Pusat tersebut juga mencatat 27 operasi tingkat lanjut selama bulan November, serta menyebutkan bahwa Tepi Barat dan Yerusalem menyaksikan 10 insiden penembakan dan bentrokan bersenjata. Selain itu, terjadi 16 serangan menggunakan bahan peledak yang menargetkan pasukan dan kendaraan militer Israel.
Laporan itu menambahkan bahwa warga Palestina melakukan 48 aksi untuk menghadang serangan para pemukim Israel terhadap desa-desa dan kota-kota di Tepi Barat. Dalam rangkaian konfrontasi lapangan itu pula, terjadi 228 bentrokan antara pemuda Palestina dan tentara Israel, sebagai respons terhadap serangan berulang pasukan pendudukan.
Sementara itu, aksi-aksi perlawanan dalam beberapa hari terakhir meningkat bersamaan dengan operasi militer besar-besaran Israel di bagian utara Tepi Barat.

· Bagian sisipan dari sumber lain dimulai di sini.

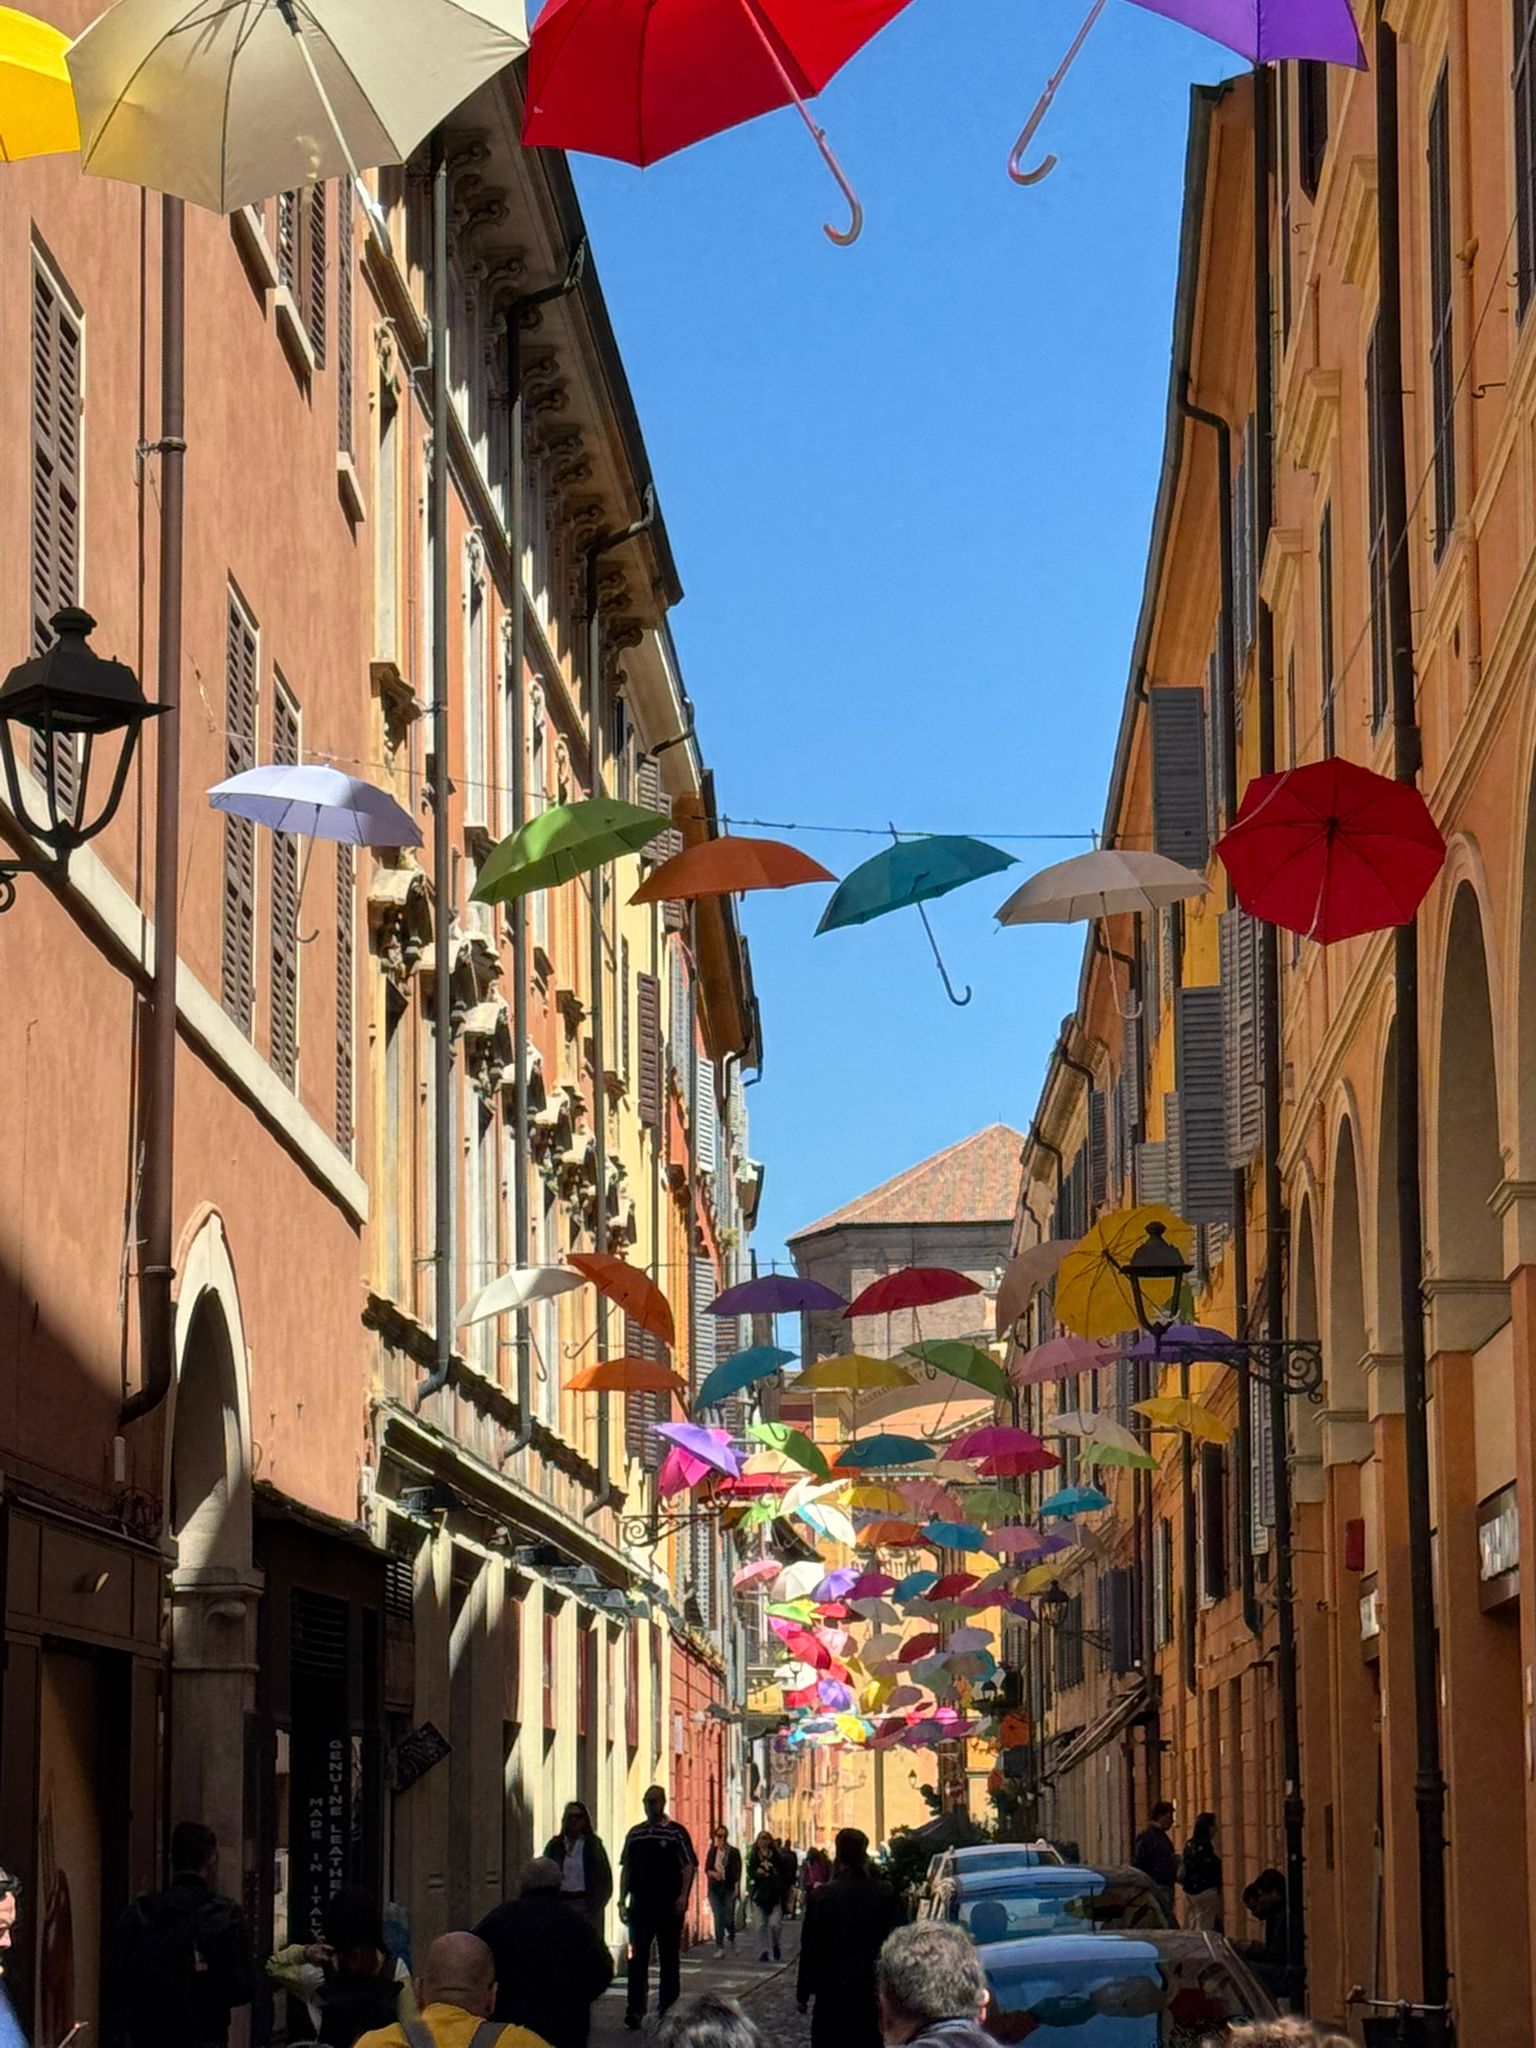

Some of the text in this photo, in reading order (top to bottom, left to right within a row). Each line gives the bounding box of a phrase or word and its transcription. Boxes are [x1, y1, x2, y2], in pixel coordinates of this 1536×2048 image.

Dalam rentang kurang dari 12 jam—dari Senin malam hingga Selasa pagi—terjadi dua operasi perlawanan di dekat Hebron dan Ramallah utara, yang menurut data sensor Israel menyebabkan setidaknya tiga tentara Israel luka-luka.
Sebelumnya, kelompok-kelompok perlawanan Palestina dalam pernyataan terpisah menegaskan bahwa pembunuhan harian dan serangan pemukim terhadap desa dan kota Palestina hanya akan menghasilkan dampak berlawanan bagi Israel, yaitu semakin meningkatnya perlawanan di Tepi Barat.
Baca juga: Italia Akan Mendeportasi Seorang Ulama Mesir Karena Pernyataannya yang Mendukung Palestina
Kelompok-kelompok tersebut juga memperingatkan kemungkinan meletusnya intifadah baru di Tepi Barat, dan menyatakan bahwa kebijakan agresif dan kriminal Israel mendorong rakyat Palestina untuk memperluas perlawanan demi membela tanah air dan tempat-tempat suci mereka.
Di sisi lain, lembaga-lembaga keamanan Israel memperingatkan bahwa kelemahan serius dalam struktur keamanan Israel di Tepi Barat, ditambah sikap pemerintah yang melemahkan kemampuan militer menghadapi kekerasan pemukim, serta meningkatnya mobilitas kelompok-kelompok pemukim ekstrem yang didukung kabinet, telah menjadikan Tepi Barat sebagai wilayah yang memanas dan berpotensi meledak sewaktu-waktu.